Bombardements, Débarquement et bataille de Normandie vus par la France occupée
Au second semestre de l’année 1943, l’ouverture d’un second front à l’ouest de l’Europe apparaît comme inéluctable et les seules incertitudes concernent la date et le lieu. La majorité de la population normande est lasse de cette guerre qui semble sans fin et espère qu’elle s’achèvera bientôt par la libération du pays. Certains continuent en revanche à espérer la victoire finale de l’Allemagne et mettent tout en œuvre pour qu’elle y parvienne. Il faut dire qu’ils ont beaucoup à perdre…

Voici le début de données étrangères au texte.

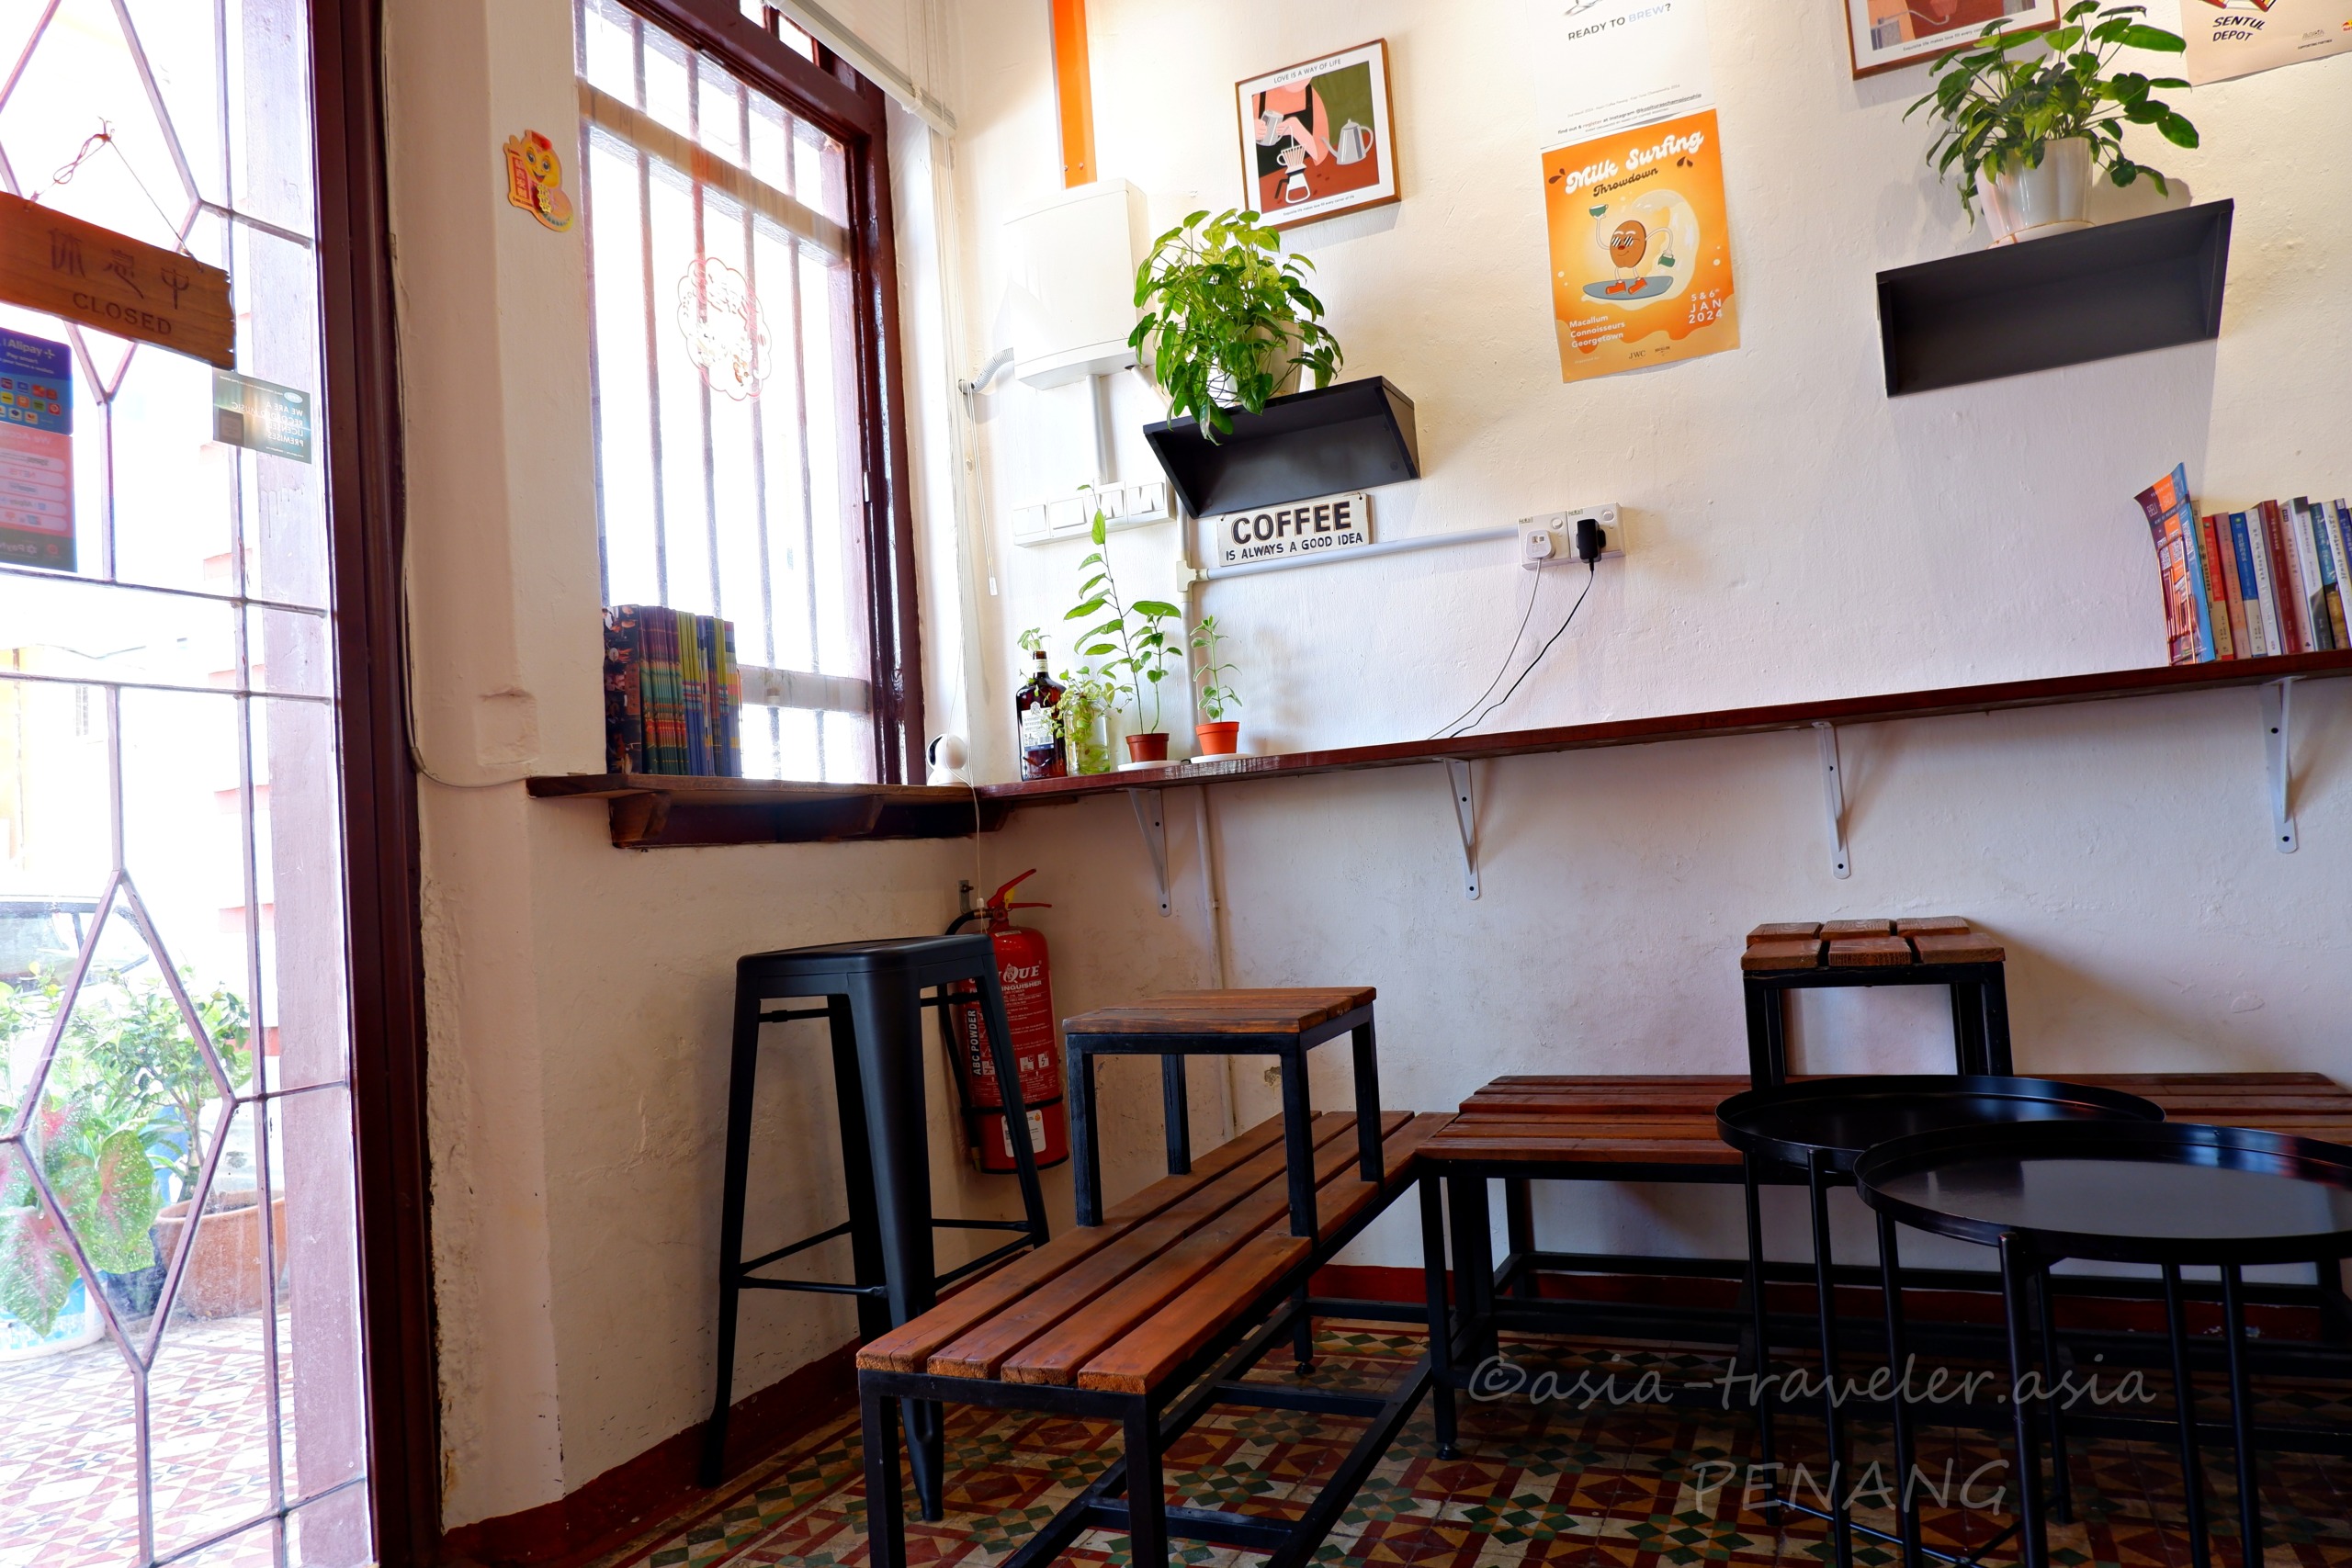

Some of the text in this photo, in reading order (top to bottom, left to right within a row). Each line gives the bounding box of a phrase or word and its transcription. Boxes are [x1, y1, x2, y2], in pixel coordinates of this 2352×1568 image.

[1567, 3, 1671, 40] READY TO BREW?
[2212, 16, 2266, 31] SENTUL
[2212, 29, 2254, 42] DEPOT
[1273, 73, 1289, 84] LOVE
[1303, 65, 1318, 74] WAY
[1318, 62, 1329, 71] OF
[1329, 59, 1341, 68] LIFE
[1582, 118, 1602, 129] register
[1565, 130, 1704, 195] Milk Surfing
[1592, 167, 1658, 197] Throwdown
[48, 228, 190, 310] 休息中
[1691, 293, 1697, 301] 5
[1700, 291, 1706, 300] &
[73, 292, 172, 335] CLOSED
[1569, 315, 1609, 328] Macallum
[1688, 309, 1723, 324] 2024
[1570, 321, 1625, 338] Connoisseurs
[1571, 332, 1623, 348] Georgetown
[1628, 350, 1646, 360] JWC
[1231, 501, 1351, 546] COFFEE
[1226, 532, 1363, 560] IS ALWAYS A GOOD IDEA
[999, 963, 1040, 984] QUE
[1001, 980, 1042, 991] INGUISHER
[967, 1010, 982, 1076] ABC POWDER

Bombardements, Débarquement et bataille de Normandie. Information et désinformation dans la France occupée1. (© Patrimoine Normand)

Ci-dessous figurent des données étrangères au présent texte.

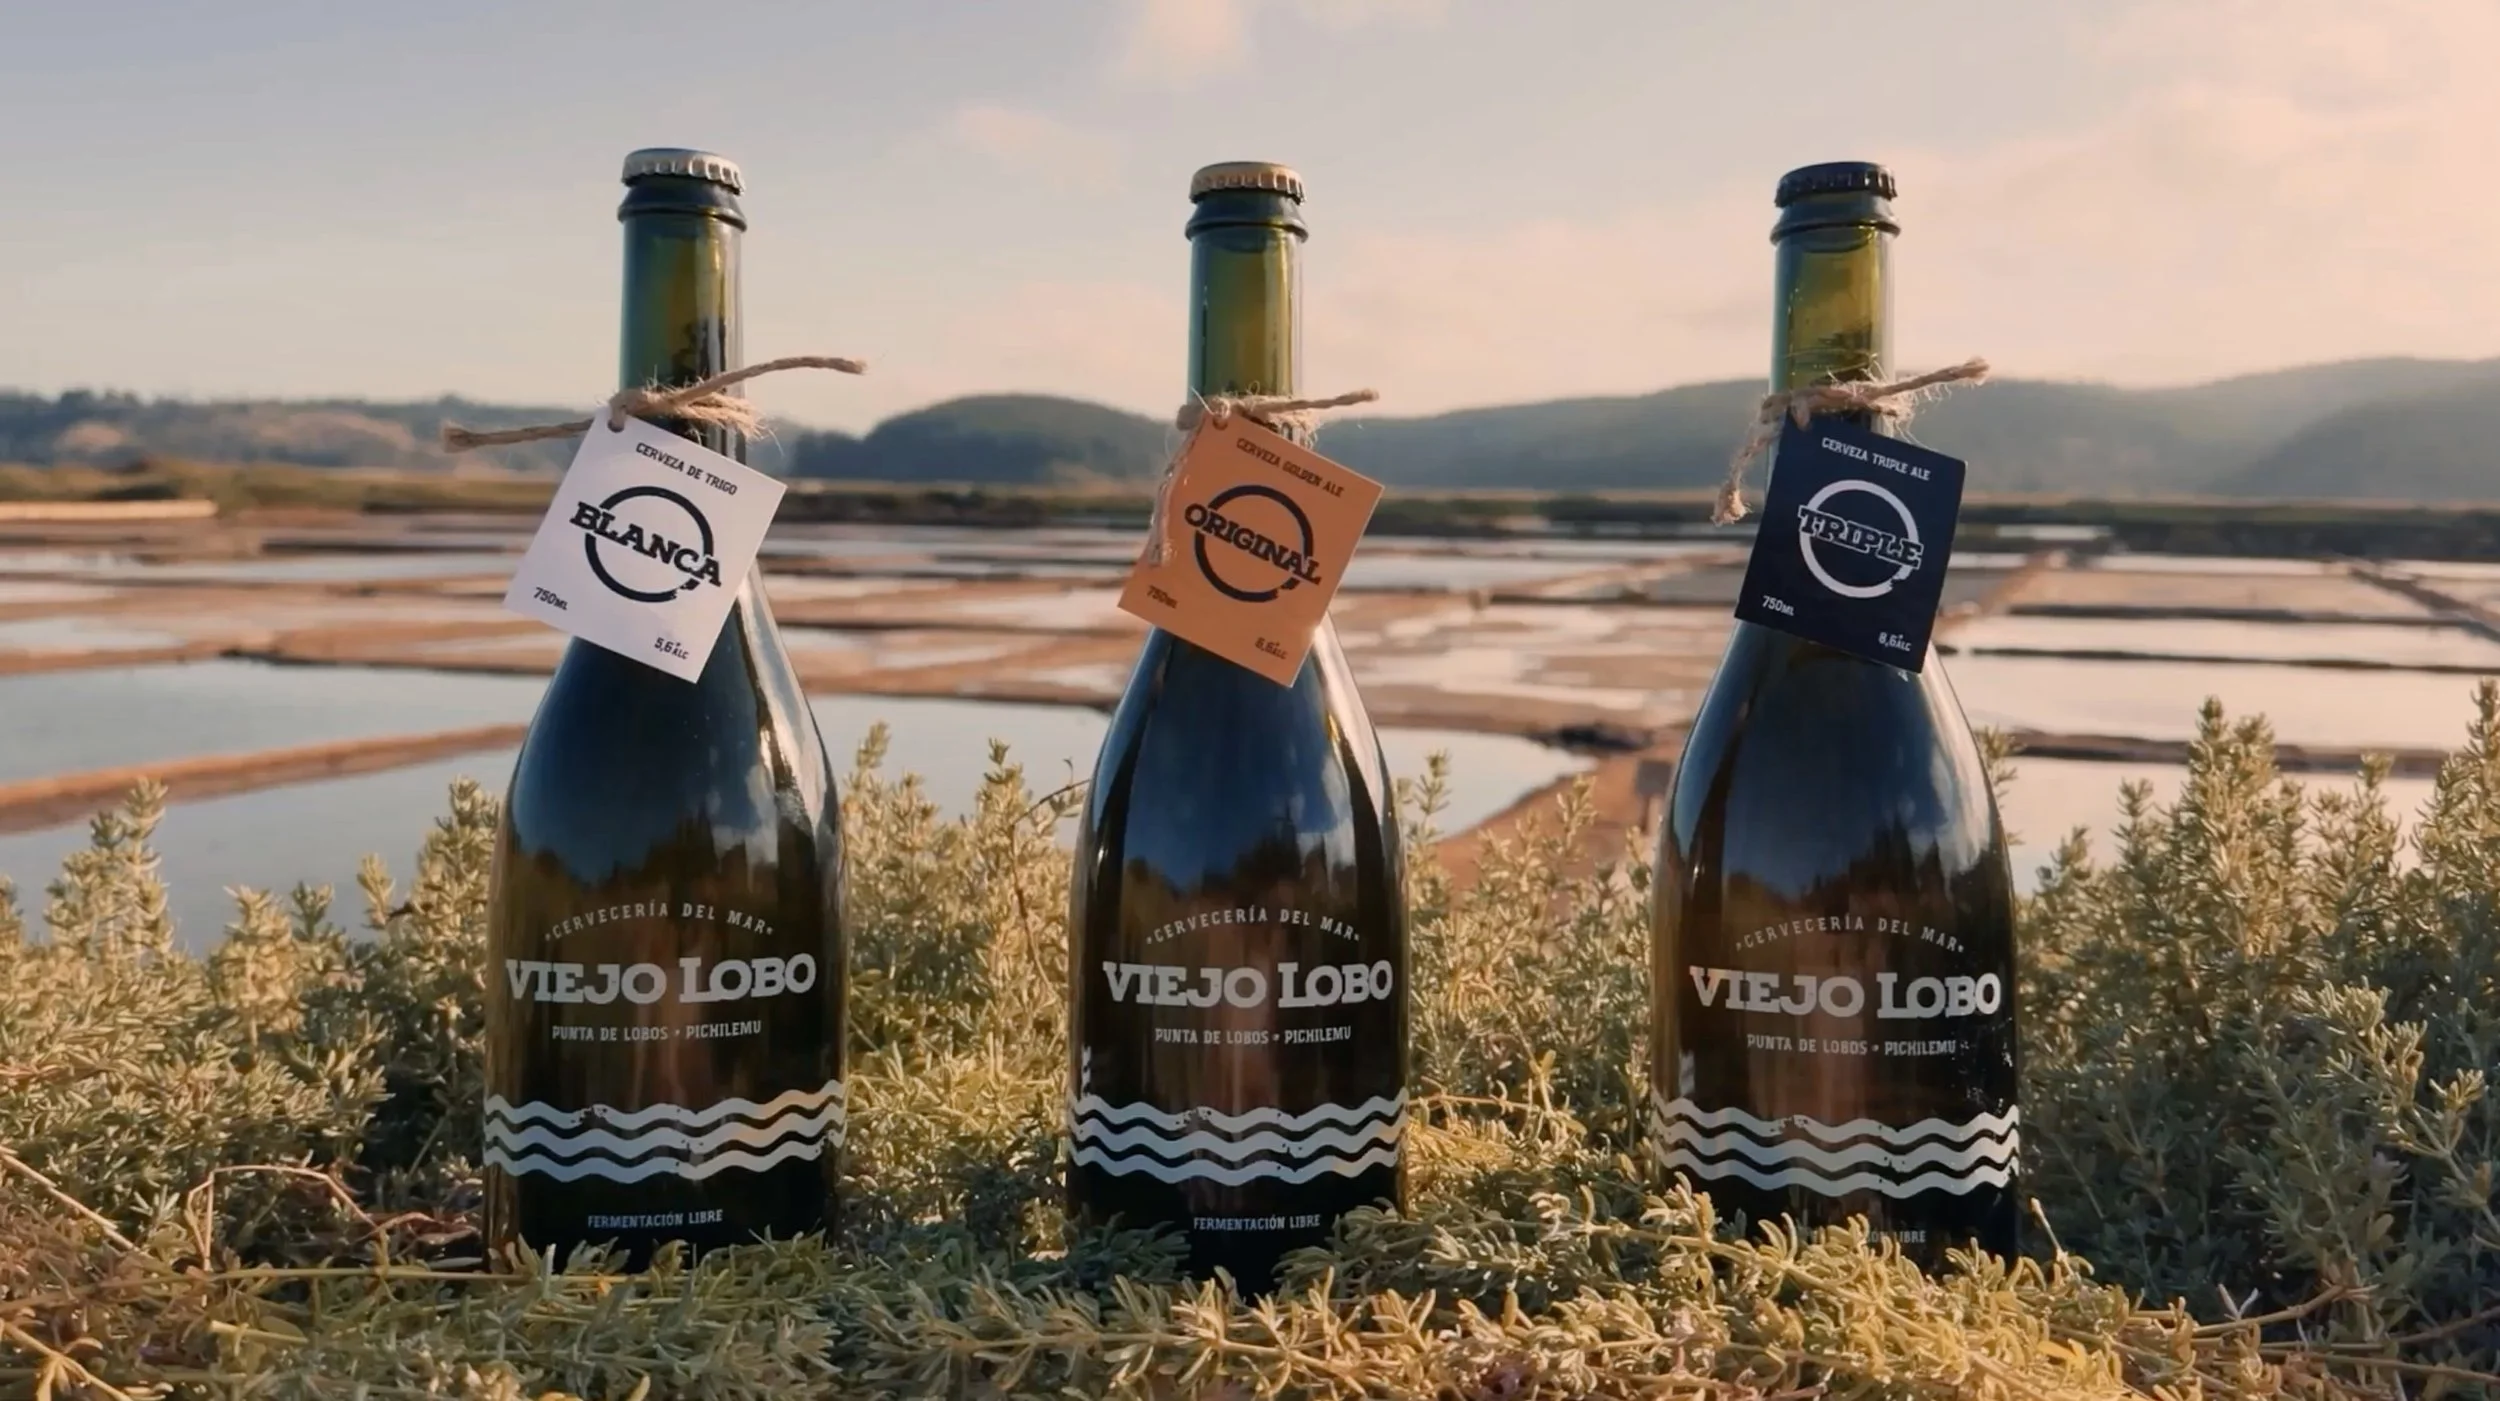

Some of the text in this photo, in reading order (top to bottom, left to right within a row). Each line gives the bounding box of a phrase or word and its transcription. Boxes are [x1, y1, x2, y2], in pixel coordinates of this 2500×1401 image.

[635, 442, 738, 496] CERVEZA DE TRIGO
[1236, 438, 1345, 498] CERVEZA GOLDEN ALE
[1822, 437, 1931, 481] CERVEZA TRIPLE ALE
[569, 501, 722, 587] BLANCA
[1184, 503, 1322, 585] ORIGINAL
[1797, 504, 1924, 570] TRIPLE
[552, 899, 766, 940] CERVECERÍA DEL MAR
[1154, 905, 1354, 943] CERVECERÍA DEL MAR
[1744, 913, 1958, 952] CERVECERÍA DEL MAR
[505, 953, 817, 1004] VIEJO LOBO
[1103, 959, 1393, 1008] VIEJO LOBO
[1689, 966, 2001, 1019] VIEJO LOBO
[552, 1020, 762, 1042] PUNTA DE LOBOS PICHILEMU
[1155, 1025, 1352, 1045] PUNTA DE LOBOS PICHILEMU
[1746, 1034, 1957, 1056] PUNTA DE LOBOS PICHILEMU
[587, 1209, 723, 1229] FERMENTACIÓN LIBRE
[1193, 1214, 1321, 1230] FERMENTACIÓN LIBRE

Lorsqu’il survient, le 6 juin 1944, le Débarquement n’est une surprise pour personne. Dès la fin de l’année 1941 et l’entrée en guerre des États-Unis, les nazis estimaient probable de se trouver un jour ou l’autre confrontés à une attaque à l’ouest de l’Europe. C’est la raison pour laquelle ils confièrent à l’organisation Todt le soin de lancer la construction du Mur de l’Atlantique.
En sécurité dans la « forteresse Europe »
Au cours de l’année 1943, la menace se précise. Les unes des grands quotidiens parisiens, comme celle du Matin, restent accaparées par les combats sur le front de l’Est, où chaque jour on démontre que « les bolcheviks subissent de lourdes pertes » (11 mai, 5 juin), on dénonce les « pirates anglo-américains [qui] s’en prennent surtout aux enfants » (15 mai), on lance de sinistres imprécations sur « la question juive, véritable cancer en voie de généralisation » (22 mai). Mais à côté de ces propos qui prêtent souvent à vomir, le lecteur attentif sent doucement poindre la question de l’ouverture d’un nouveau front à l’Ouest et toutes les craintes et interrogations qu’elle suscite.